What you should do:
Reproduce verbatim all of the data given below, but do not carry over the images.
(Available records)
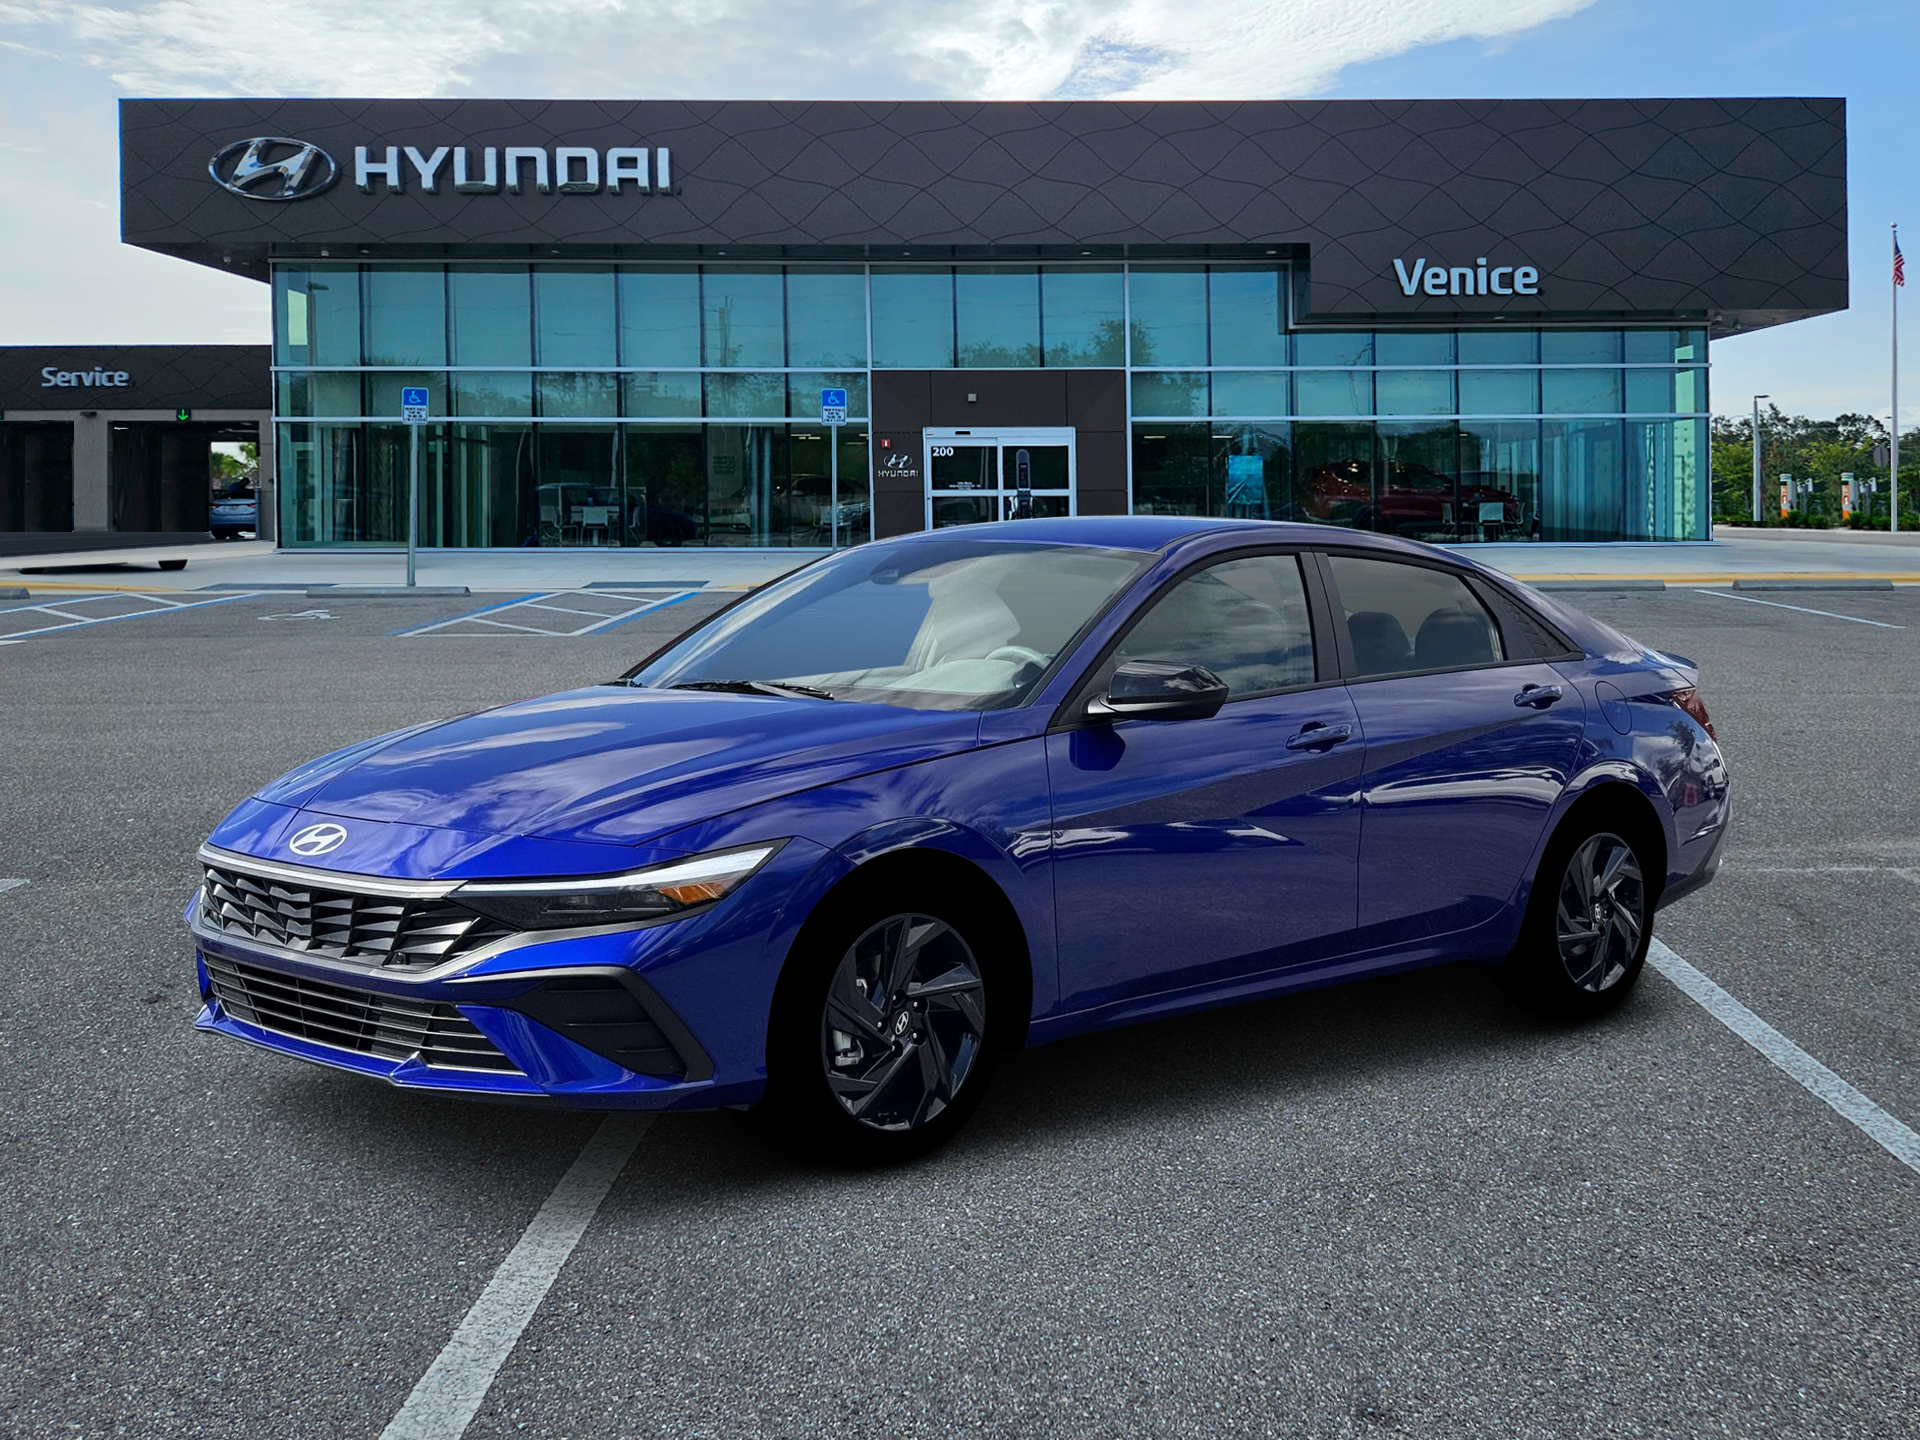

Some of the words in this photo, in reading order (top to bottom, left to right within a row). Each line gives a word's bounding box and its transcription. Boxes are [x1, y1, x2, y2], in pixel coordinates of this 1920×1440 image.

[355, 146, 672, 194] HYUNDAI
[1393, 257, 1539, 296] Venice
[41, 366, 130, 387] Service
[932, 447, 954, 457] 200
(End Available records)
Response below:
Some of the words in this photo, in reading order (top to bottom, left to right within a row). Each line gives a word's bounding box and its transcription. Boxes are [x1, y1, x2, y2], in pixel coordinates of this 1920×1440 image.

[355, 146, 672, 194] HYUNDAI
[1393, 257, 1539, 296] Venice
[41, 366, 130, 387] Service
[932, 447, 954, 457] 200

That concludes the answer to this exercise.